Your assignment: The entries are to be repeated verbatim, with nothing left out.

Data records:
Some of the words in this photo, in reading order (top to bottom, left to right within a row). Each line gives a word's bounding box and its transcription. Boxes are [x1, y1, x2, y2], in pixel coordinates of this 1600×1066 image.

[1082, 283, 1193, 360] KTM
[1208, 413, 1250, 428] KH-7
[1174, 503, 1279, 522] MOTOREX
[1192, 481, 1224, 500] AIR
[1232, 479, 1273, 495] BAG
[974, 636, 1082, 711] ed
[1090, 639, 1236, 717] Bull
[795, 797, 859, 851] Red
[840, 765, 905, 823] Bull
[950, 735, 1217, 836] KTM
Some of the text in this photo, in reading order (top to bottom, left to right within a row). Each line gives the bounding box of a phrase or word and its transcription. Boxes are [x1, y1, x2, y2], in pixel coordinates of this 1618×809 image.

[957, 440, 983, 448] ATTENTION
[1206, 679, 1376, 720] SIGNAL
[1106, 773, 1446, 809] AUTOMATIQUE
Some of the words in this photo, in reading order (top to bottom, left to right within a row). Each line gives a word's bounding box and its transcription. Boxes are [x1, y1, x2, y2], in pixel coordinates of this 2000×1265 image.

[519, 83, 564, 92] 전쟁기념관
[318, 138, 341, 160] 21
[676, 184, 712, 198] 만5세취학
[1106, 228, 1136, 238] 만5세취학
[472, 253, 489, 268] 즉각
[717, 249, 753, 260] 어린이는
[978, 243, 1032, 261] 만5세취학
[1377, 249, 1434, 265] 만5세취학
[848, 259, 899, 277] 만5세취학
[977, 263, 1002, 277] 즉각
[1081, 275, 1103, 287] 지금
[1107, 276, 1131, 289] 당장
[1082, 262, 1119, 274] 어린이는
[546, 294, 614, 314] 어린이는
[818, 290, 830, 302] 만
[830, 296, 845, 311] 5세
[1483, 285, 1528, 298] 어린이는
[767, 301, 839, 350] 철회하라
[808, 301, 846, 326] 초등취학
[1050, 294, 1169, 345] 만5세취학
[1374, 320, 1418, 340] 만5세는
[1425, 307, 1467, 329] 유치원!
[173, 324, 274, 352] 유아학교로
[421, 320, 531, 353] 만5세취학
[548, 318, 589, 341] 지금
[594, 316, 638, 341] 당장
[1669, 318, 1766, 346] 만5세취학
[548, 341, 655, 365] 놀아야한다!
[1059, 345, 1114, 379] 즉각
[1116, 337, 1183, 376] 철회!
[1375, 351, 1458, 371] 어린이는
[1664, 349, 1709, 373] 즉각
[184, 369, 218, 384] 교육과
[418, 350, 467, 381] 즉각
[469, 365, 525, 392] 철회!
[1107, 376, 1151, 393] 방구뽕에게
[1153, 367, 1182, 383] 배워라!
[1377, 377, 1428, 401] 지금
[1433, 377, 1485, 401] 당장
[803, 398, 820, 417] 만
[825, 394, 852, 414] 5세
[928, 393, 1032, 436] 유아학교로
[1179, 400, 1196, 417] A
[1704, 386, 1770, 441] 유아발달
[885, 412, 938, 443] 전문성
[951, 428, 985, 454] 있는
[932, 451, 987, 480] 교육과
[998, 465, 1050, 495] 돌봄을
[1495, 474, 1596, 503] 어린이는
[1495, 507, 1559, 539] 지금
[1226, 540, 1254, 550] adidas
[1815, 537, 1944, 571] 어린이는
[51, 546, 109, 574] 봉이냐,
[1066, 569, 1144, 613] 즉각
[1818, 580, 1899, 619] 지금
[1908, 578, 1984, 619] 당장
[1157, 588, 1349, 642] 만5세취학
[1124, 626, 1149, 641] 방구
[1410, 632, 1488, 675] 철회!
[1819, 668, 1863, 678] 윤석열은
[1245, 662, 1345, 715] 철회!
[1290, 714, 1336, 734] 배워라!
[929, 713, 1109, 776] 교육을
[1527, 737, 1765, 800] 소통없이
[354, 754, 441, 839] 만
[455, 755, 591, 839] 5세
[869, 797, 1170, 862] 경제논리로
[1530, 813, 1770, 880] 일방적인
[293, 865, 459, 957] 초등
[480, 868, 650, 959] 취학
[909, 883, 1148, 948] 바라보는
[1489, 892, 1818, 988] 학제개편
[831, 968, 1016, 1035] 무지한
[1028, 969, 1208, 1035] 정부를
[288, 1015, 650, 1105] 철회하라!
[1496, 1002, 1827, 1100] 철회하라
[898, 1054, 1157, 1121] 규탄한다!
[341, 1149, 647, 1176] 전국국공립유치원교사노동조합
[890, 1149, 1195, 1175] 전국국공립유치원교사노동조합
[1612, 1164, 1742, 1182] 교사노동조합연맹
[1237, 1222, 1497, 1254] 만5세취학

Task answer:
Some of the words in this photo, in reading order (top to bottom, left to right within a row). Each line gives a word's bounding box and its transcription. Boxes are [x1, y1, x2, y2], in pixel coordinates of this 1600×1066 image.

[1082, 283, 1193, 360] KTM
[1208, 413, 1250, 428] KH-7
[1174, 503, 1279, 522] MOTOREX
[1192, 481, 1224, 500] AIR
[1232, 479, 1273, 495] BAG
[974, 636, 1082, 711] ed
[1090, 639, 1236, 717] Bull
[795, 797, 859, 851] Red
[840, 765, 905, 823] Bull
[950, 735, 1217, 836] KTM
Some of the text in this photo, in reading order (top to bottom, left to right within a row). Each line gives the bounding box of a phrase or word and its transcription. Boxes are [x1, y1, x2, y2], in pixel coordinates of this 1618×809 image.

[957, 440, 983, 448] ATTENTION
[1206, 679, 1376, 720] SIGNAL
[1106, 773, 1446, 809] AUTOMATIQUE
Some of the words in this photo, in reading order (top to bottom, left to right within a row). Each line gives a word's bounding box and its transcription. Boxes are [x1, y1, x2, y2], in pixel coordinates of this 2000×1265 image.

[519, 83, 564, 92] 전쟁기념관
[318, 138, 341, 160] 21
[676, 184, 712, 198] 만5세취학
[1106, 228, 1136, 238] 만5세취학
[472, 253, 489, 268] 즉각
[717, 249, 753, 260] 어린이는
[978, 243, 1032, 261] 만5세취학
[1377, 249, 1434, 265] 만5세취학
[848, 259, 899, 277] 만5세취학
[977, 263, 1002, 277] 즉각
[1081, 275, 1103, 287] 지금
[1107, 276, 1131, 289] 당장
[1082, 262, 1119, 274] 어린이는
[546, 294, 614, 314] 어린이는
[818, 290, 830, 302] 만
[830, 296, 845, 311] 5세
[1483, 285, 1528, 298] 어린이는
[767, 301, 839, 350] 철회하라
[808, 301, 846, 326] 초등취학
[1050, 294, 1169, 345] 만5세취학
[1374, 320, 1418, 340] 만5세는
[1425, 307, 1467, 329] 유치원!
[173, 324, 274, 352] 유아학교로
[421, 320, 531, 353] 만5세취학
[548, 318, 589, 341] 지금
[594, 316, 638, 341] 당장
[1669, 318, 1766, 346] 만5세취학
[548, 341, 655, 365] 놀아야한다!
[1059, 345, 1114, 379] 즉각
[1116, 337, 1183, 376] 철회!
[1375, 351, 1458, 371] 어린이는
[1664, 349, 1709, 373] 즉각
[184, 369, 218, 384] 교육과
[418, 350, 467, 381] 즉각
[469, 365, 525, 392] 철회!
[1107, 376, 1151, 393] 방구뽕에게
[1153, 367, 1182, 383] 배워라!
[1377, 377, 1428, 401] 지금
[1433, 377, 1485, 401] 당장
[803, 398, 820, 417] 만
[825, 394, 852, 414] 5세
[928, 393, 1032, 436] 유아학교로
[1179, 400, 1196, 417] A
[1704, 386, 1770, 441] 유아발달
[885, 412, 938, 443] 전문성
[951, 428, 985, 454] 있는
[932, 451, 987, 480] 교육과
[998, 465, 1050, 495] 돌봄을
[1495, 474, 1596, 503] 어린이는
[1495, 507, 1559, 539] 지금
[1226, 540, 1254, 550] adidas
[1815, 537, 1944, 571] 어린이는
[51, 546, 109, 574] 봉이냐,
[1066, 569, 1144, 613] 즉각
[1818, 580, 1899, 619] 지금
[1908, 578, 1984, 619] 당장
[1157, 588, 1349, 642] 만5세취학
[1124, 626, 1149, 641] 방구
[1410, 632, 1488, 675] 철회!
[1819, 668, 1863, 678] 윤석열은
[1245, 662, 1345, 715] 철회!
[1290, 714, 1336, 734] 배워라!
[929, 713, 1109, 776] 교육을
[1527, 737, 1765, 800] 소통없이
[354, 754, 441, 839] 만
[455, 755, 591, 839] 5세
[869, 797, 1170, 862] 경제논리로
[1530, 813, 1770, 880] 일방적인
[293, 865, 459, 957] 초등
[480, 868, 650, 959] 취학
[909, 883, 1148, 948] 바라보는
[1489, 892, 1818, 988] 학제개편
[831, 968, 1016, 1035] 무지한
[1028, 969, 1208, 1035] 정부를
[288, 1015, 650, 1105] 철회하라!
[1496, 1002, 1827, 1100] 철회하라
[898, 1054, 1157, 1121] 규탄한다!
[341, 1149, 647, 1176] 전국국공립유치원교사노동조합
[890, 1149, 1195, 1175] 전국국공립유치원교사노동조합
[1612, 1164, 1742, 1182] 교사노동조합연맹
[1237, 1222, 1497, 1254] 만5세취학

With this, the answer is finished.